I'm wanting to dip my toe into aquaponics, and rather than start out buying various items on the internet and potentially have the hobby fade, I wanted to try using what I have. This post might be all over the place, as I have quite a few questions.

Some context:
Climate: http://www.bom.gov.au/climate/averages/ ... 9001.shtml
Location: edge of a world heritage rainforest
Plants: happy to just grow some microgreens in low volume or whatever is easiest for first run.

1) I've heard that using water from an existing (healthy) stream could be an option assuming no harmful run-off. I'm thinking this might be an option for my minimum viable setup. I'm happy to carry a few buckets of water down the mountain each day. The stream you could drink straight out of, and has fish life (likely trout further up the mountain). Can I do this before I commit to fish? Just to get a feel for a functioning system? I won't eat the produce if it's risky, I just want to grow it.

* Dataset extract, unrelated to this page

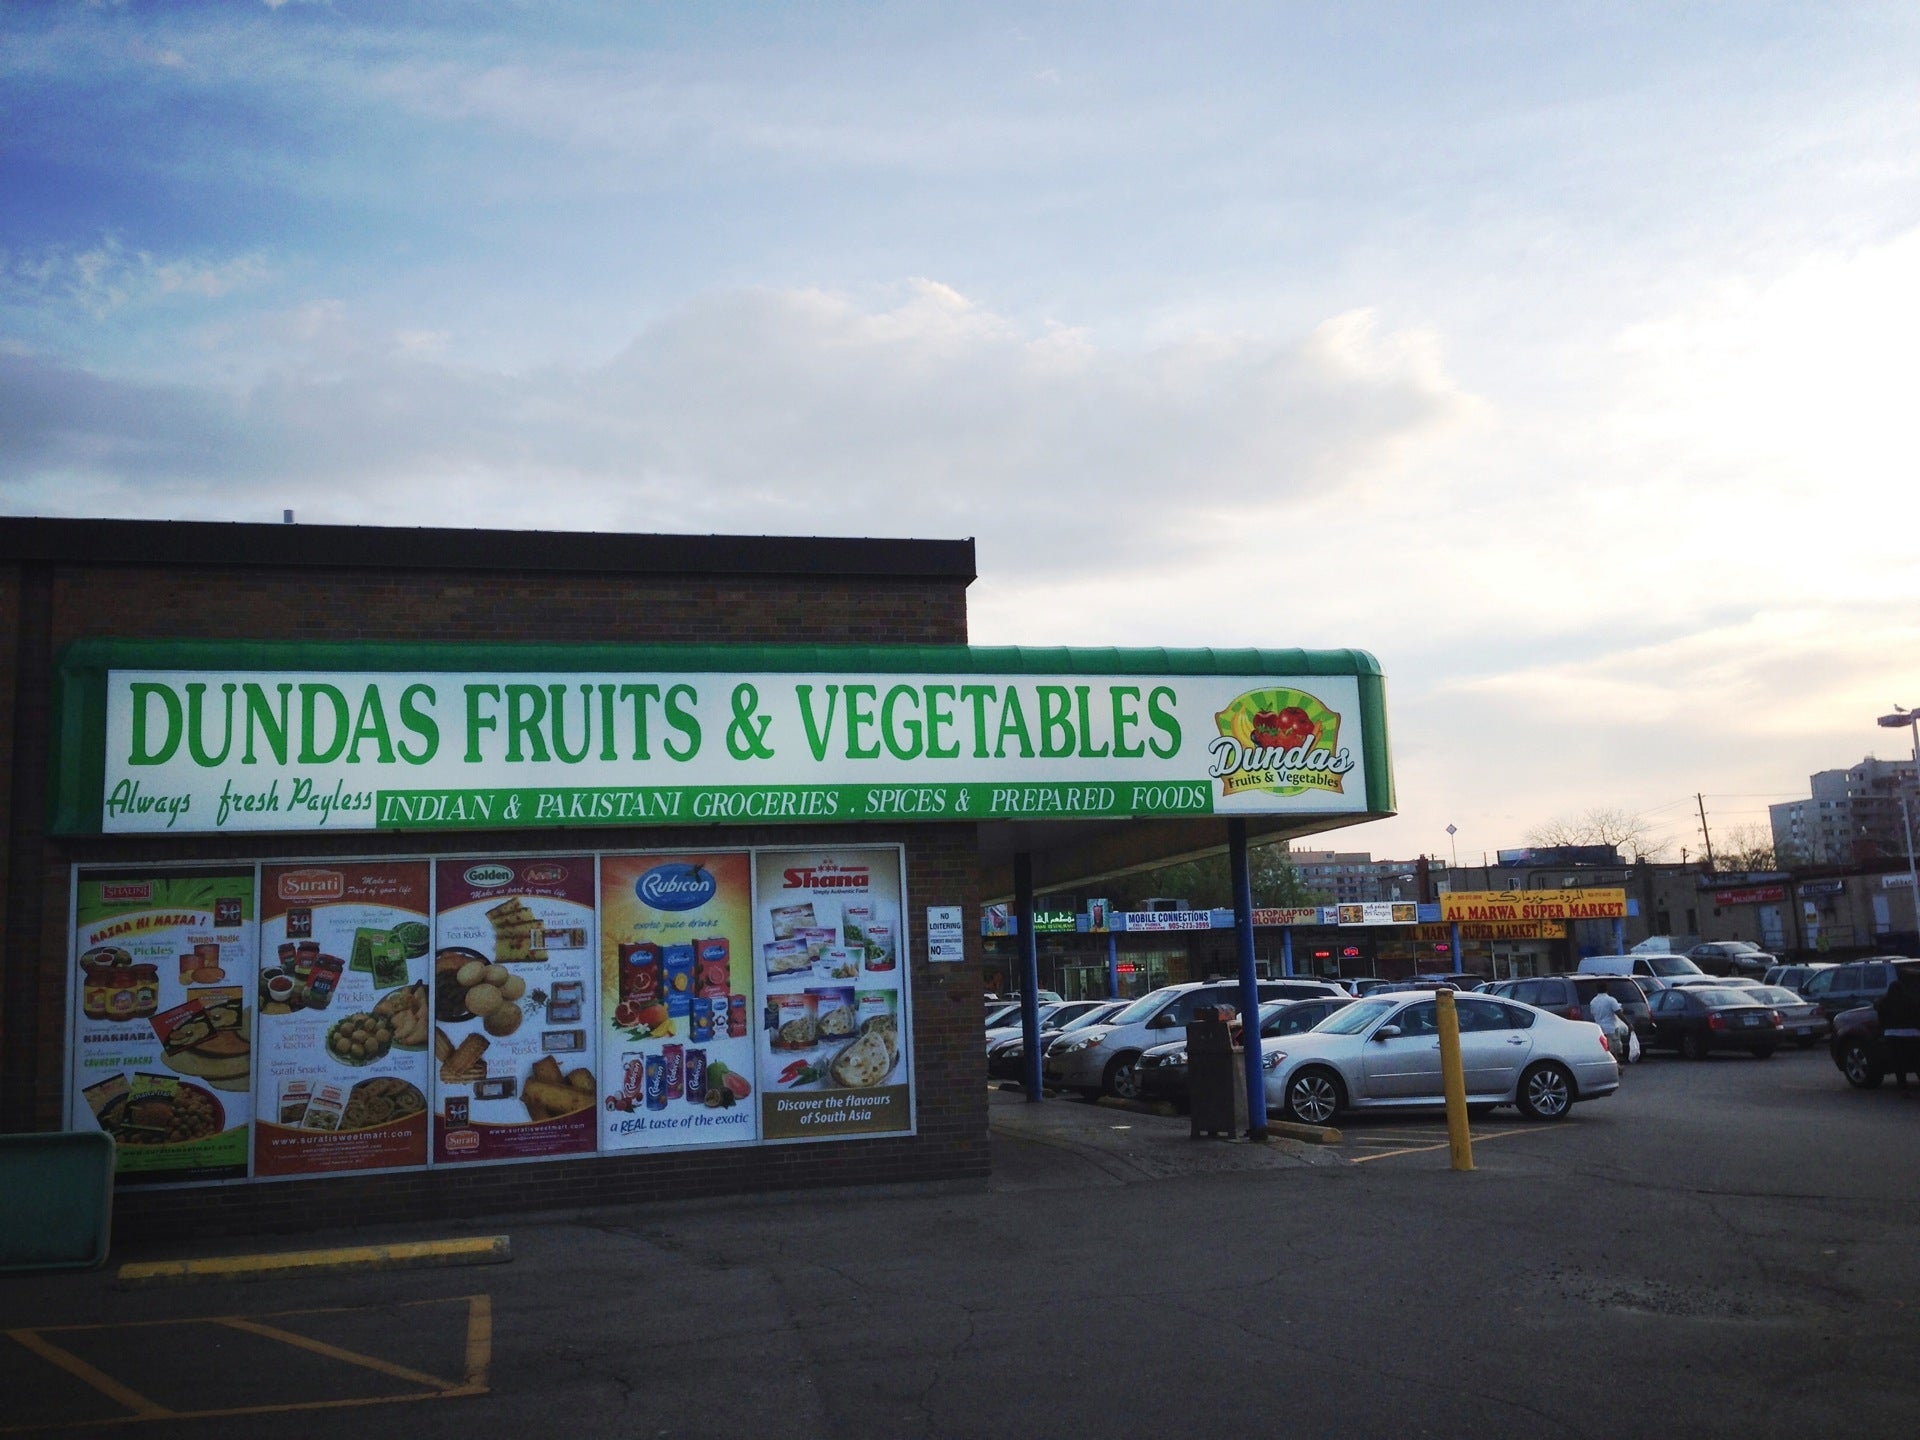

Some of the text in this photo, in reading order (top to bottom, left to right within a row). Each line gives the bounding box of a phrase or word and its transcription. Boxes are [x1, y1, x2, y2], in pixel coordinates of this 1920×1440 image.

2) If so, how often will water need to be replenished? If there are nutrients in the water, I imagine it dilutes with each cycle (unless there are fish in the reservoir). Obviously this depends on volume, but I'd be happy to grow just a few plants for my first run.

3) I have a large garage with one window that doesn't let a whole lot of light in (though a bit). Could I grow in the garage by the window, or is outdoors recommended?

4) I'm concerned about microplastics in everything nowadays. Every system I see has a lot of plastic. Apart the it degrading, can I carve net cups out of wood? Or use some kind of medium which would negate the use of plastic?

5) For the minimum viable setup, can I get away without a pump, or the plants require a pump for oxygen and mixing the nutrients in the water? Could I just sit my plants on a raft in the reservoir, and periodically change the water?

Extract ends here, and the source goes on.